What should an integration architect recommend to fulfill the requirement?
- A . Build Batch Retry and Error Handling using BatchApexErrorEvent.
- B . Build Batch Retry and Error Handling in the Batch Apex job itself.
- C . Build Batch Retry and Error Handling in the middleware.
A
Explanation:
Resiliency in long-running Batch Apex processes is best achieved by utilizing modern, event-driven error handling frameworks provided by the Salesforce platform. The BatchApexErrorEvent is the architecturally recommended component for monitoring and responding to failures in Batch Apex jobs.
When a Batch Apex class implements the `Database.RaisesPlatformEvents` interface, the platform automatically publishes a BatchApexErrorEvent whenever an unhandled exception occurs during the execution of a batch.

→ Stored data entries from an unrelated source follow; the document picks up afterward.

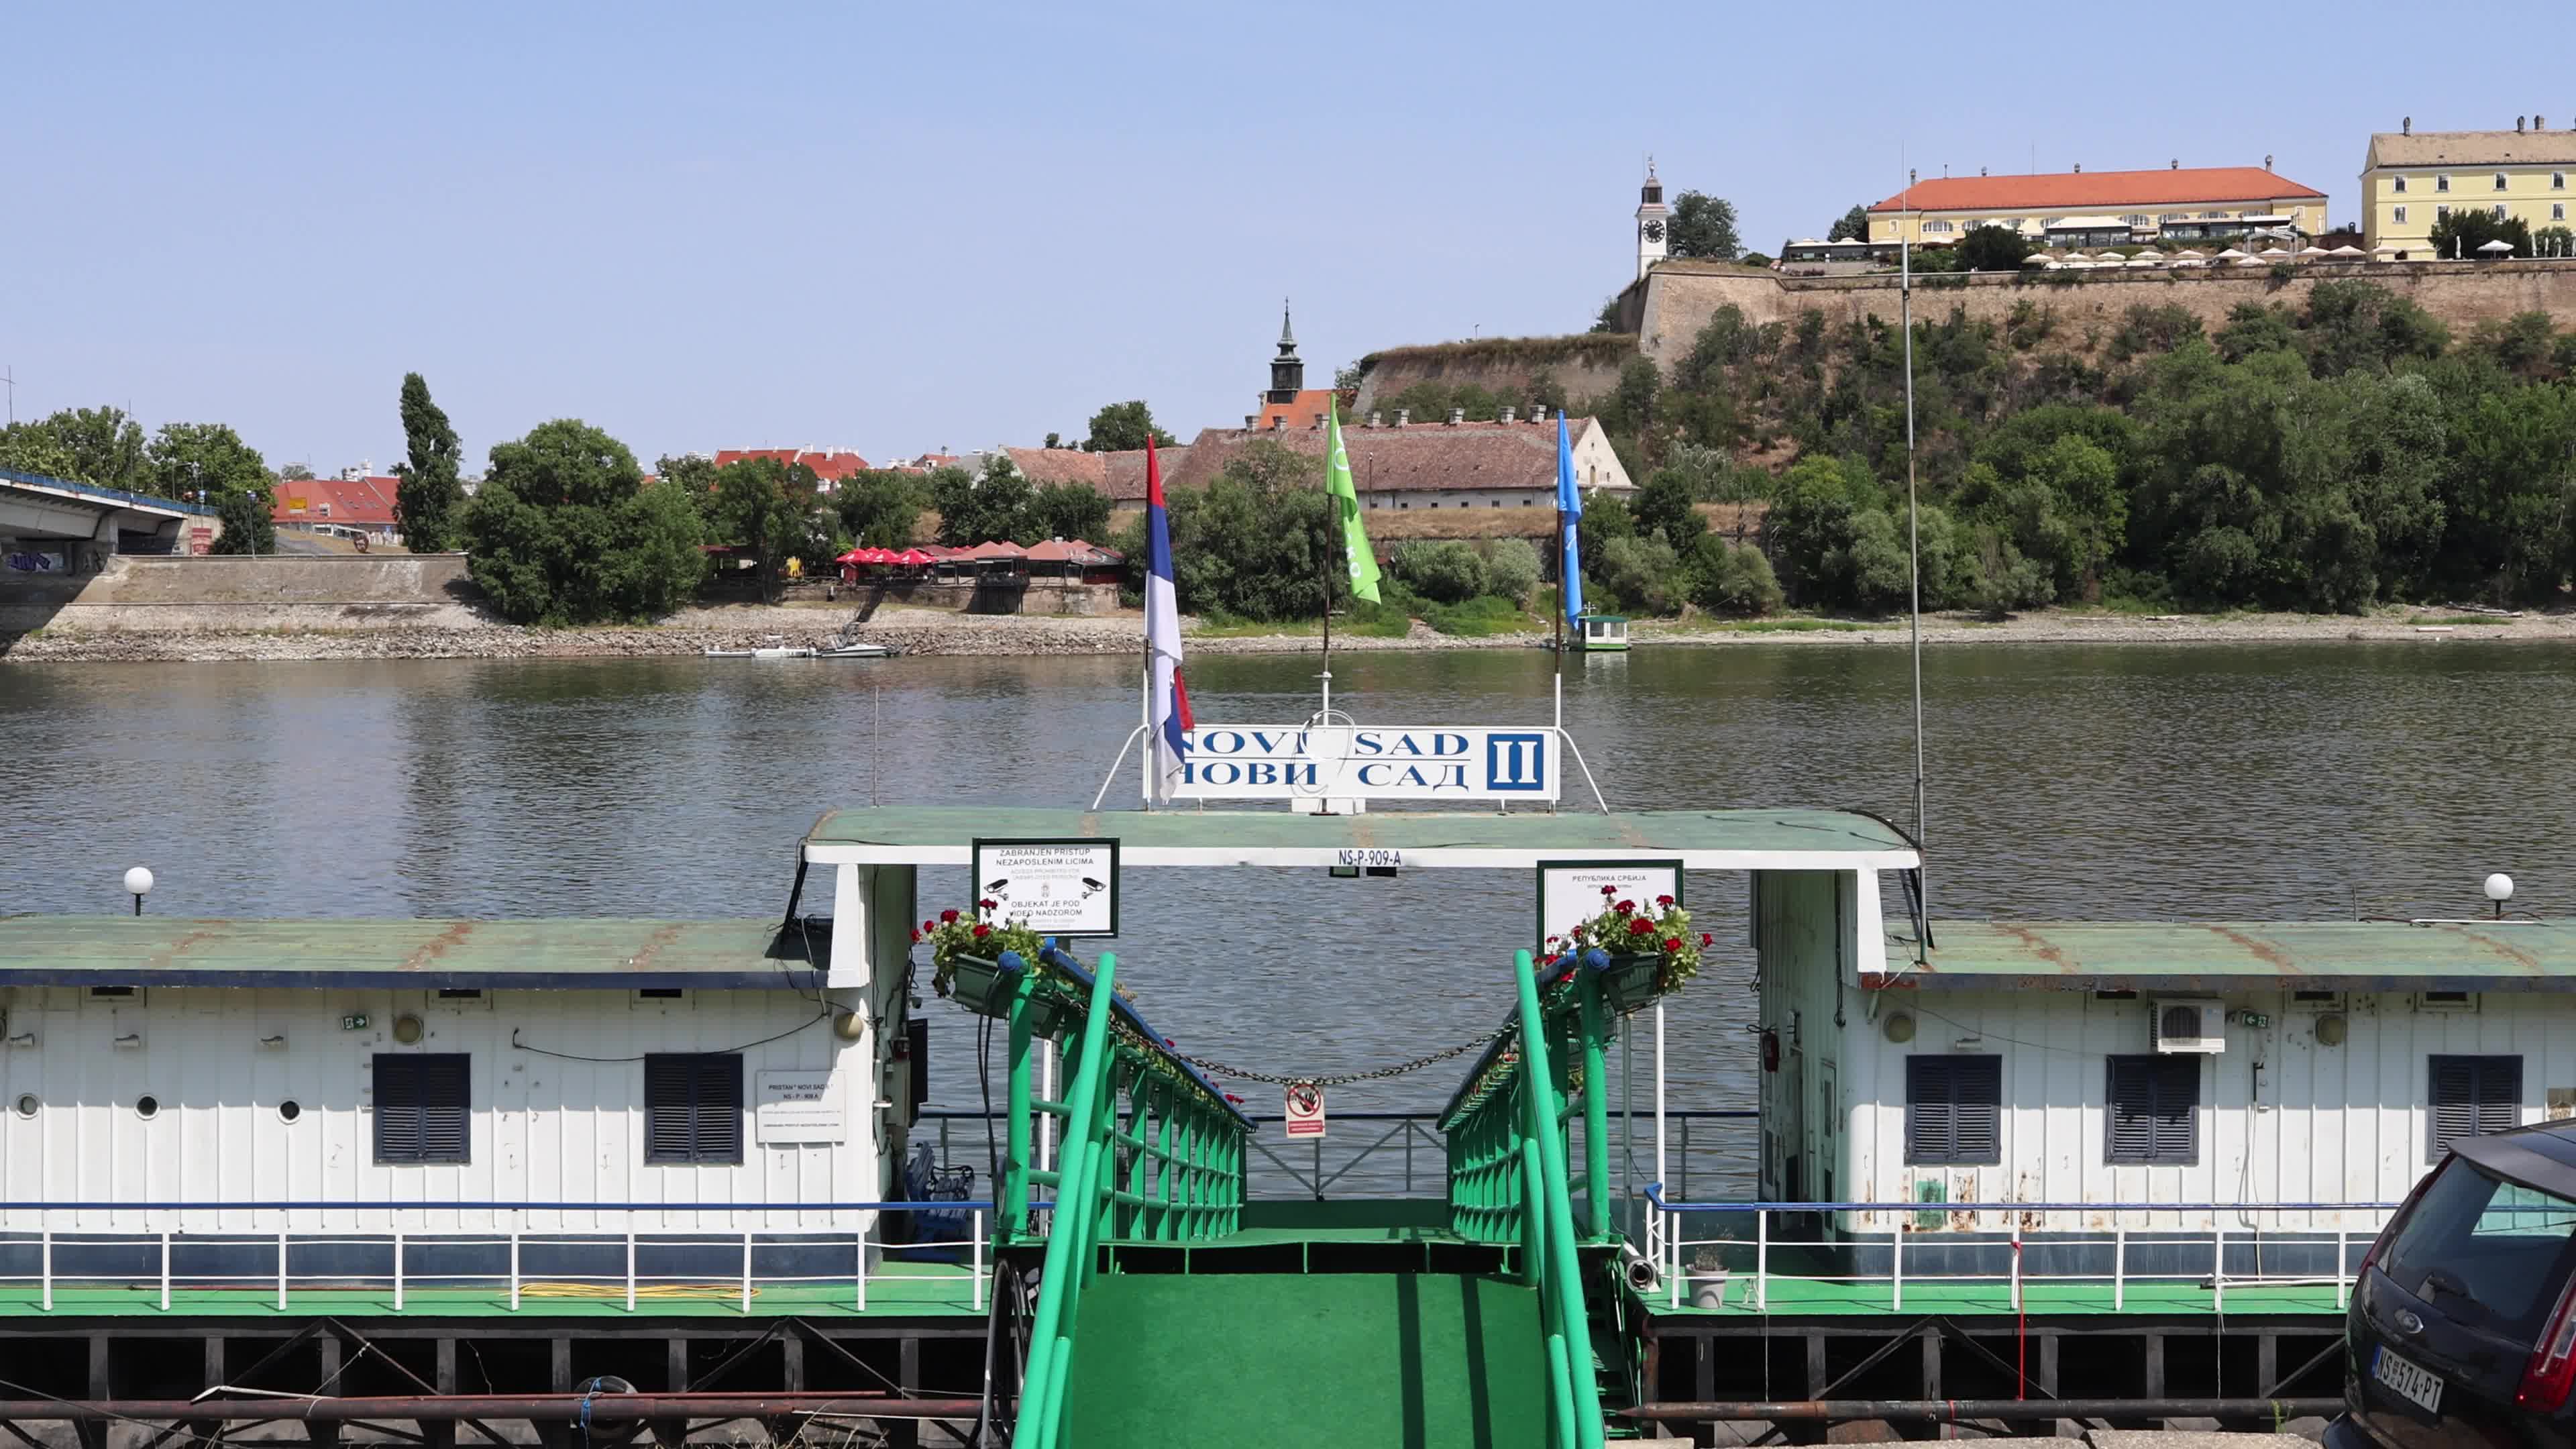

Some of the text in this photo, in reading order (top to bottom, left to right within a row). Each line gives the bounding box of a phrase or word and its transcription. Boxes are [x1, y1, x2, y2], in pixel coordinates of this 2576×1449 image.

[1354, 732, 1469, 755] SAD
[1357, 764, 1469, 792] САД
[1000, 848, 1091, 857] ZABRANJEN PRISTUP
[1339, 849, 1401, 865] NS-P-909-A
[996, 857, 1094, 866] NEZAPOSLENIM LICIMA
[1011, 900, 1049, 908] OBJEKAT
[1036, 909, 1083, 917] NADZOROM
[2377, 1351, 2392, 1381] NS

This event contains critical metadata, including the exception message, the stack trace, and the scope (the specific IDs of the records that were being processed when the failure occurred).
An Integration Architect should recommend building a Platform Event Trigger that subscribes to these error events.
This trigger can perform sophisticated error handling logic, such as:
* Logging the failure details into a custom "Integration Error" object for auditing.
* Initiating a retry logic by re-enqueuing only the failed records into a new batch job.
* Notifying administrators or external systems via an outbound call or email.
This approach is superior to Option B (internal handling) because unhandled exceptions often cause the entire batch transaction to roll back, potentially losing any error logging performed within the same scope. It is also more efficient than Option C (middleware), as it keeps the error recovery logic "close to the data," reducing the need for external systems to constantly poll for job status or parse complex logs. By using BatchApexErrorEvent, UC ensures a resilient, self-healing process that maintains the integrity of the invoice generation cycle.